NCT01203605 · Status: COMPLETED · Type: OBSERVATIONAL · Enrollment: 46985

Last updated 2012-09-05

No results posted yet for this study

Summary

The European Surgical Outcomes Study (EuSOS) is a multi-centre, international cohort study of peri-operative care and clinical outcomes for patients undergoing non-cardiac surgery.

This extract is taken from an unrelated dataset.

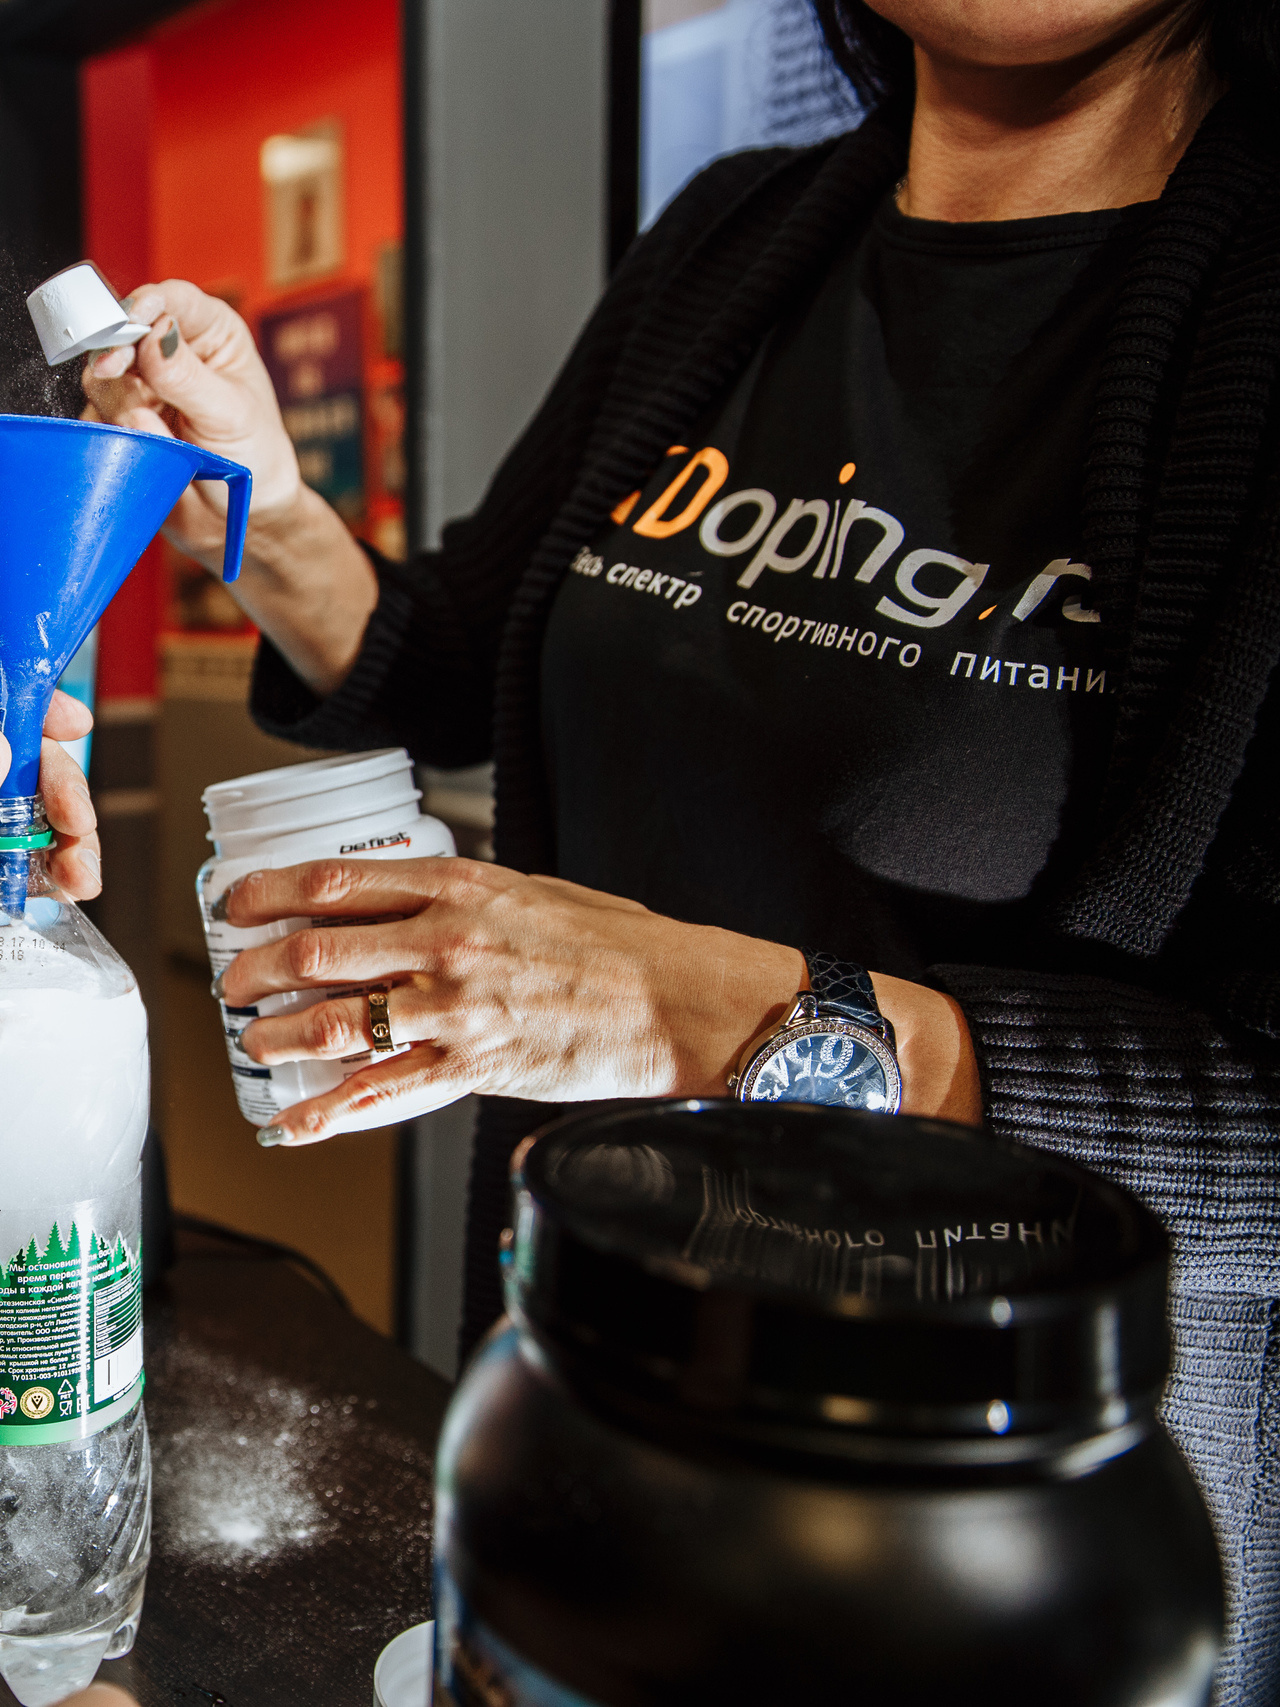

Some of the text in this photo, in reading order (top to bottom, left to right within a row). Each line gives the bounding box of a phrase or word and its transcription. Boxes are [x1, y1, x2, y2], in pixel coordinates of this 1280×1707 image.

Participating centres throughout Europe will contribute routine clinical data describing all eligible patients who undergo surgery from 4th April 2011 to 11th April 2011. Patients will then be followed until hospital discharge (or for a maximum of 60 days) for duration of hospital stay and hospital mortality. Routine clinical data will also be collected for those patients admitted to critical care at any stage after surgery but during the same hospital admission. Specific objectives are to describe clinical outcomes and standards of peri-operative care for patients undergoing non-cardiac surgery in Europe.

Conditions

  • Non-cardiac Surgery

Sponsors & Collaborators

  • European Society of Anaesthesiology

    collaborator OTHER

  • European Society of Intensive Care Medicine

    collaborator OTHER

  • Queen Mary University of London

    lead OTHER

Principal Investigators

  • Rupert Pearse, MBBS FRCA MD · Queen Mary's University of London, UK

  • Andrew Rhodes, MBBS FRCA · St Georges Hospital, London UK

  • Rui Moreno, MD · Hospital de Santo António dos Capuchos, Lisboa, Portugal

  • Paolo Pelosi, MD · University of Insubria, Varese, Italy.

  • Claudia Spies, MD · Charite University, Berlin, Germany

  • Jean-Louis Vincent, MD PhD · Erasme Hospital, Free University of Brussels, Belgium.

  • Benoit Vallet, MD PhD · Centre Hospitalier Universitaire de Lille, France.

  • Philip Metnitz, MD · Medizinische Universität Wien, Austria.

  • Peter Bauer, PhD · Medizinische Universität Wien, Austria.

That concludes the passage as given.